Revolutionary approach to preventing type 1 diabetes yields positive results, researchers claim.

Oral insulin powder was given to children with a high genetic risk of developing type 1 diabetes, as part of a phase I clinical trial, which researchers claim brings them a step closer to a vaccine


 Researchers suggest that they are a step closer to creating a vaccine for type 1 diabetes after a completing a study in children

Oral insulin powder was given to children with a high genetic risk of developing type 1 diabetes, as part of a phase I clinical trial, which researchers claim brings them a step closer to a vaccine.

The international Pre-Point study, published in JAMA[1] on 21 April 2015, tested daily doses of oral insulin powder in children aged between 18 months and seven years with a genetic propensity for developing type 1 diabetes but who did not have any evidence of autoimmune antibodies.

“This is the first time we have seen a healthful immune response from any therapy used in children who are at a high risk of type 1 diabetes,” says Georgeanna Klingensmith, of the University of Colorado school of medicine, Aurora, who led the US part of the research.

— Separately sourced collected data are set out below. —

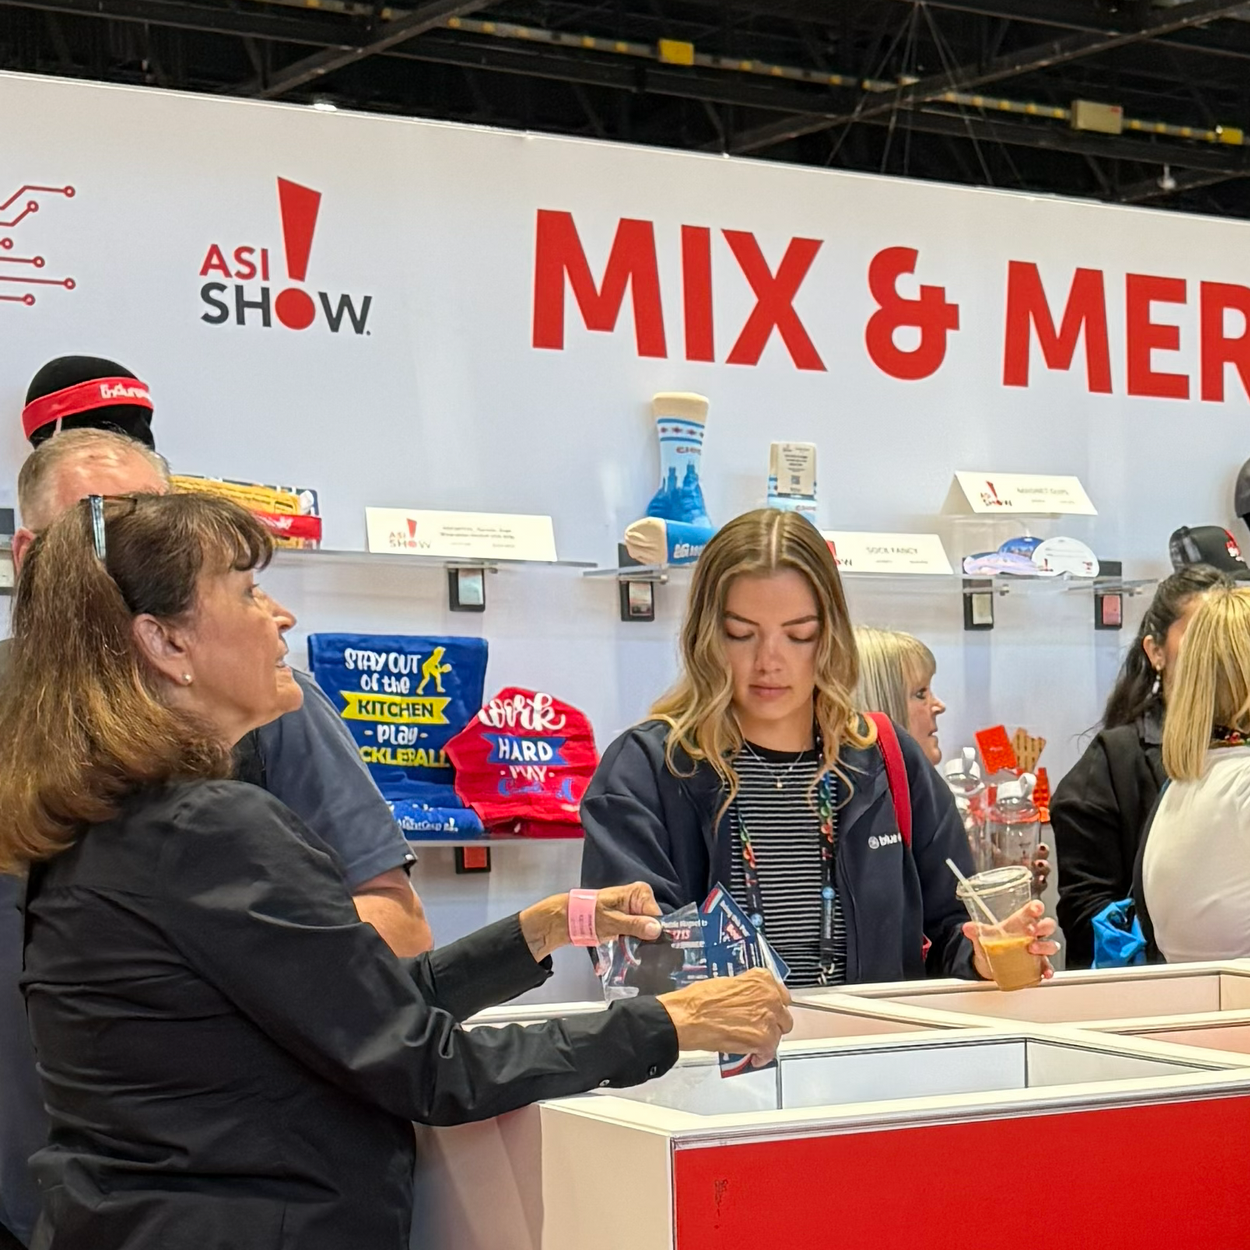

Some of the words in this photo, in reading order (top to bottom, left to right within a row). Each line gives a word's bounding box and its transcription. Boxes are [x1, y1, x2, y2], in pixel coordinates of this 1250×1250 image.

[200, 244, 270, 281] ASI
[532, 208, 828, 372] MIX
[864, 246, 960, 381] &
[200, 284, 371, 336] SHOW
[344, 648, 386, 672] STAY
[388, 652, 422, 674] OUT
[360, 674, 381, 691] of
[382, 676, 410, 694] the
[357, 699, 435, 718] KITCHEN
[376, 724, 418, 746] play
[359, 745, 450, 768] CKLEBALL
[498, 737, 553, 761] HARD
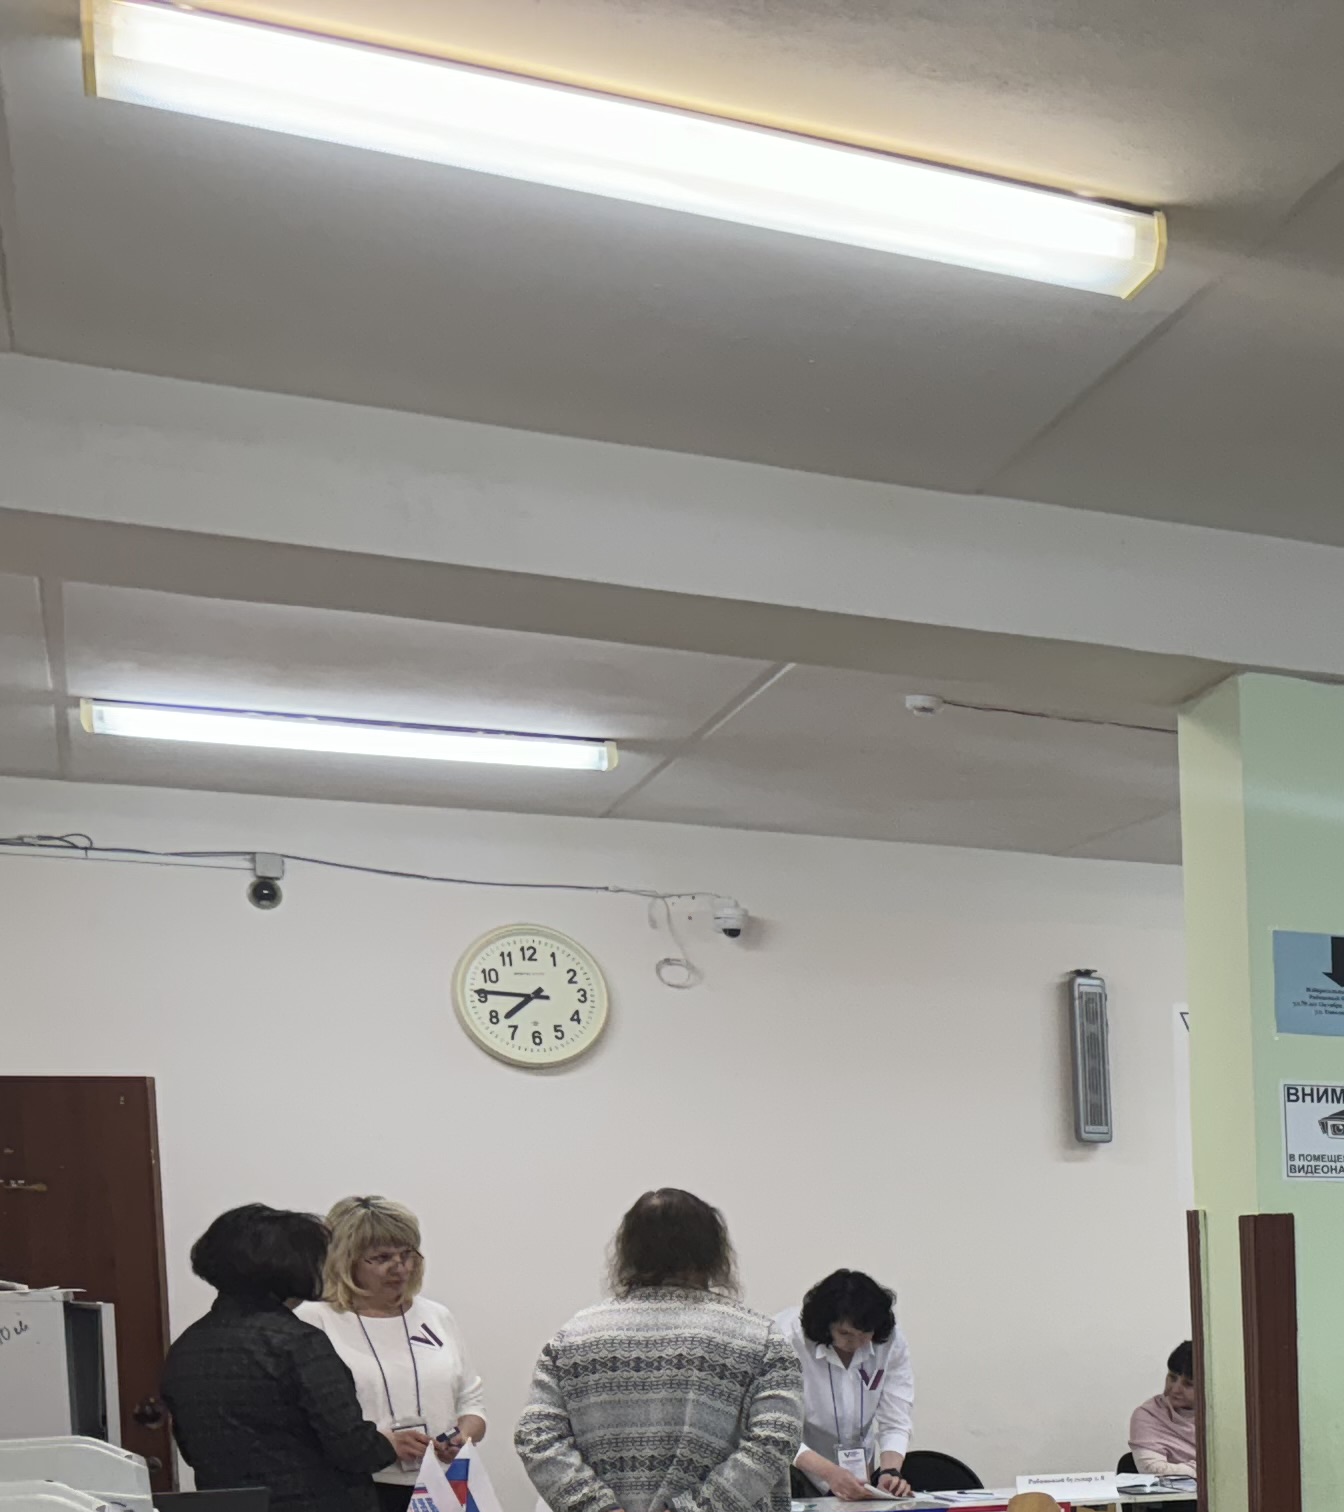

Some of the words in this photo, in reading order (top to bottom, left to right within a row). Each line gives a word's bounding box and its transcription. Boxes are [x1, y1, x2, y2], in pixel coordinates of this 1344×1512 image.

The children in the study were divided into two groups: 15 children received oral insulin powder once a day, in various doses, for 3 to 18 months; a control group of 10 children received placebo.

The insulin dose was increased over time and the researchers found that 67.5mg was enough to induce a normal immune response to the beta cells in the pancreas that produce insulin.

The immune response was measured as increases in serum IgG and saliva IgA binding to insulin, and CD4+ T-cell proliferative responses to insulin. Increases were observed in five of the six children who received the 67.5mg dose of oral insulin (83.3%, 95% confidence interval 53%-99.9%; P=0.02). None of the children developed diabetes, insulin antibodies or hypoglycaemia.

“This is a revolutionary way to prevent type 1 diabetes,” says Anette-Gabriele Ziegler, from the Institute für Diabetesforschung, and one of the study authors. “It is quite logical that if the body’s immune system doesn’t learn how to make the protective responses by itself, we need to give it a little help.”

Victoria Ruszala, a specialist pharmacist at North Bristol NHS Trust with an interest in diabetes, says the findings are positive but that there is a long way to go before a vaccine is developed.

“We struggle to know who is really at risk from type 1 diabetes or if it just happens that your brother or your sister [has the disease],” she says. “Do you want to give your baby oral insulin just because they might get diabetes?”

Richard Elliott, research communications manager at Diabetes UK, says the findings are promising. “This is one of a growing number of studies looking at new ways of preventing type 1 diabetes in those at risk,” he says. “Work is at a relatively early stage, but these findings are promising and we look forward to seeing results from longer and larger studies with great interest.” 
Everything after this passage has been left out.